The task >>
Whatever pictures appear, omit them, and repeat the data below exactly.

Exercise data >>
———

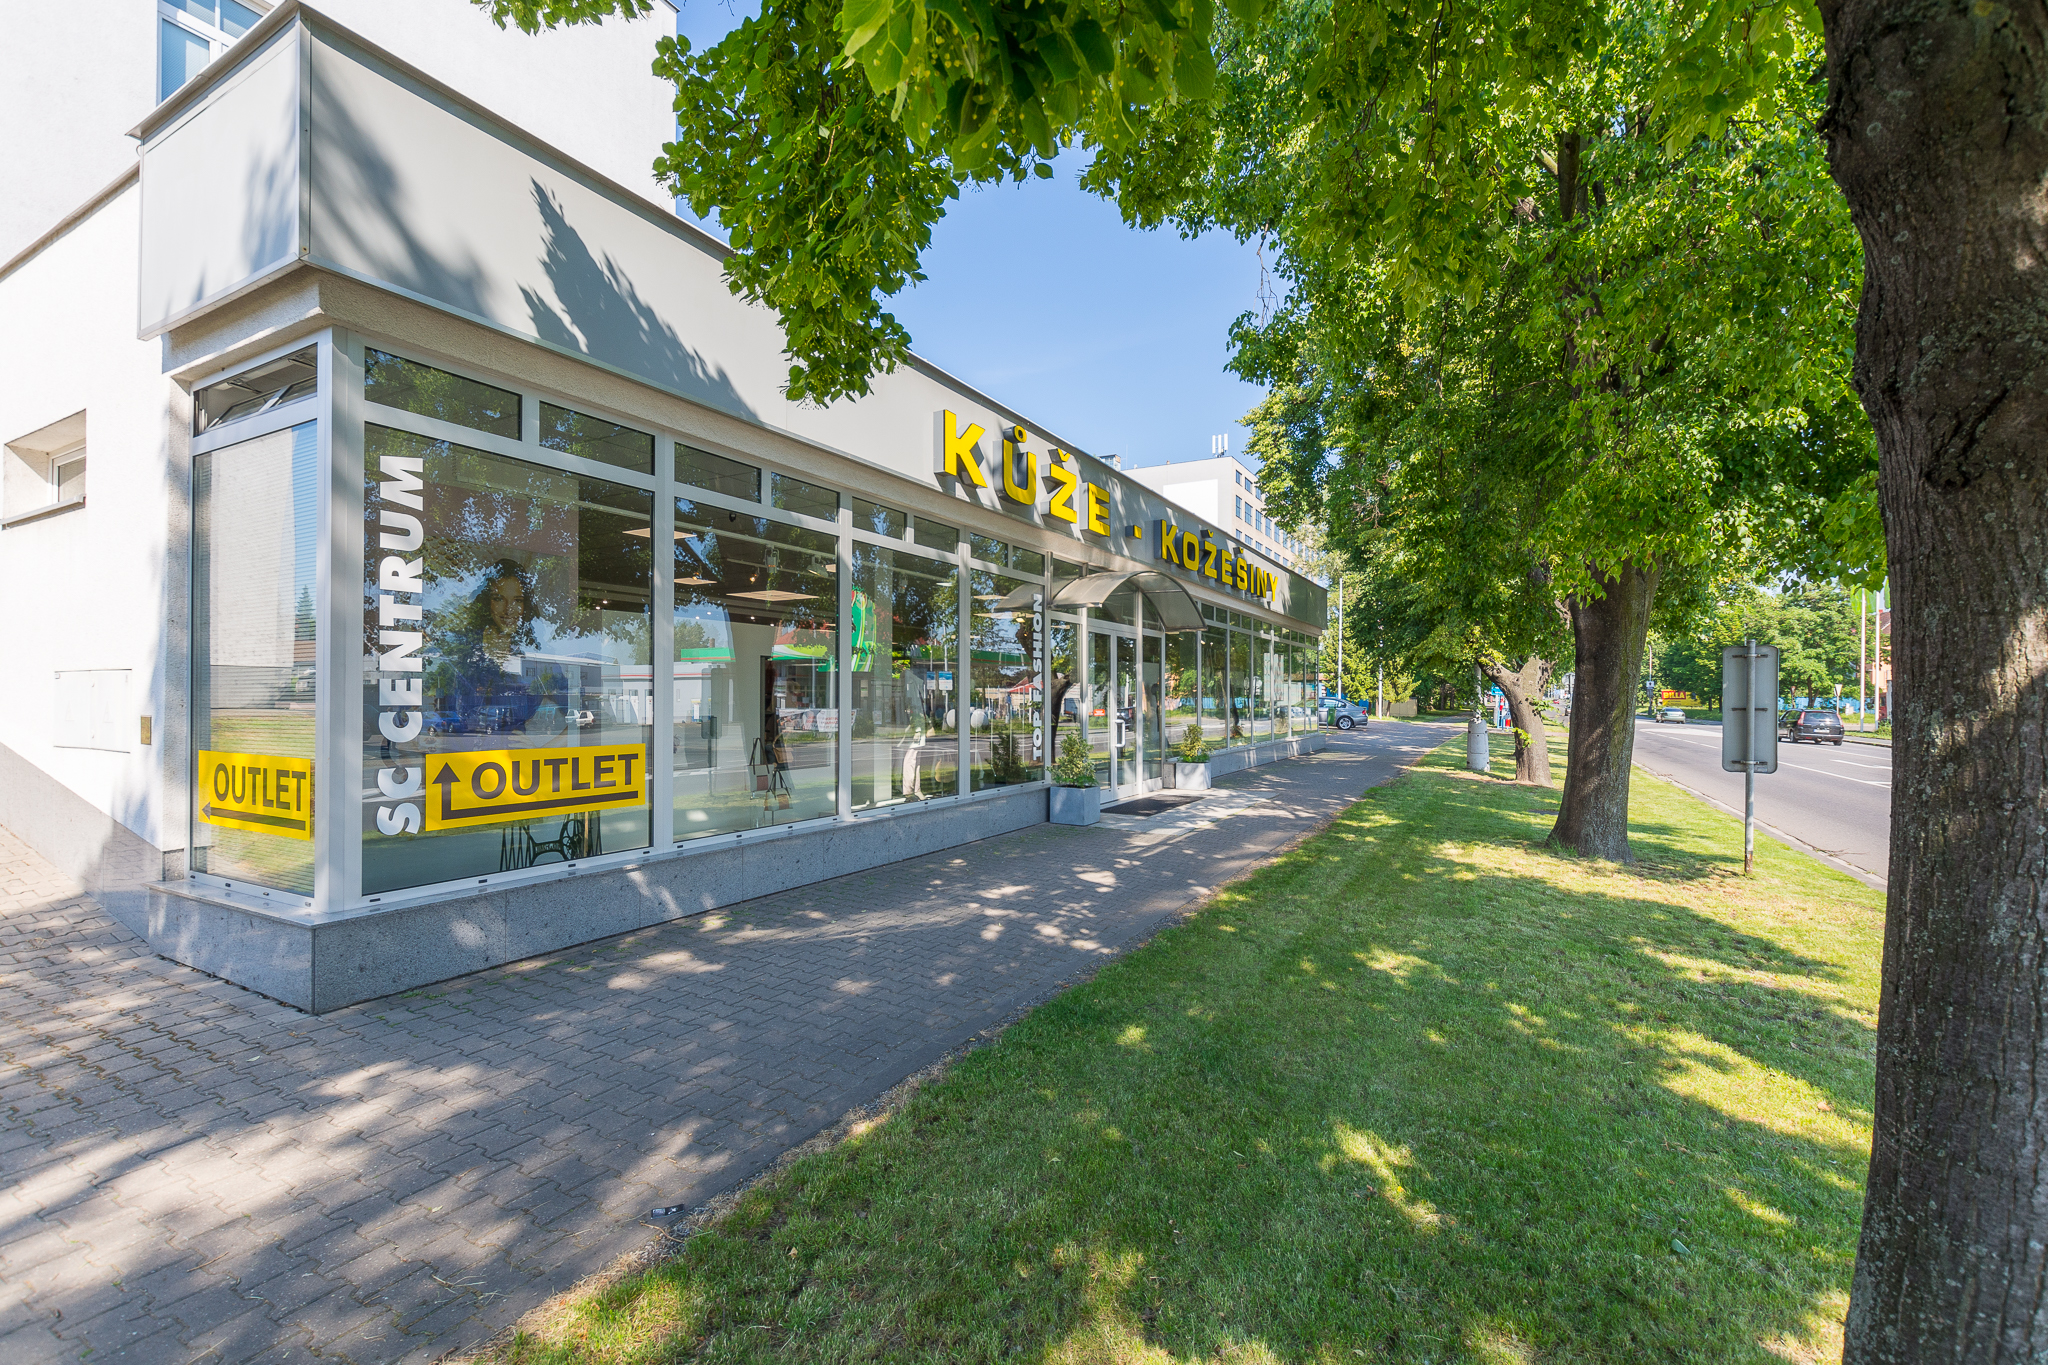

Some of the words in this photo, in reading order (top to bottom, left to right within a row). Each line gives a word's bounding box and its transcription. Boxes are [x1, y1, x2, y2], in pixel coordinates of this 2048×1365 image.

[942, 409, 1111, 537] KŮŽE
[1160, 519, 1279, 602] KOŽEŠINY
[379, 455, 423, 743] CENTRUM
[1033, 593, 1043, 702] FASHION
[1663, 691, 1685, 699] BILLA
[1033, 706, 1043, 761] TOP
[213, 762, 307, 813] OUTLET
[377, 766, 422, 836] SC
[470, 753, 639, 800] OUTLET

———

Exercise solution >>
Some of the words in this photo, in reading order (top to bottom, left to right within a row). Each line gives a word's bounding box and its transcription. Boxes are [x1, y1, x2, y2], in pixel coordinates of this 2048×1365 image.

[942, 409, 1111, 537] KŮŽE
[1160, 519, 1279, 602] KOŽEŠINY
[379, 455, 423, 743] CENTRUM
[1033, 593, 1043, 702] FASHION
[1663, 691, 1685, 699] BILLA
[1033, 706, 1043, 761] TOP
[213, 762, 307, 813] OUTLET
[377, 766, 422, 836] SC
[470, 753, 639, 800] OUTLET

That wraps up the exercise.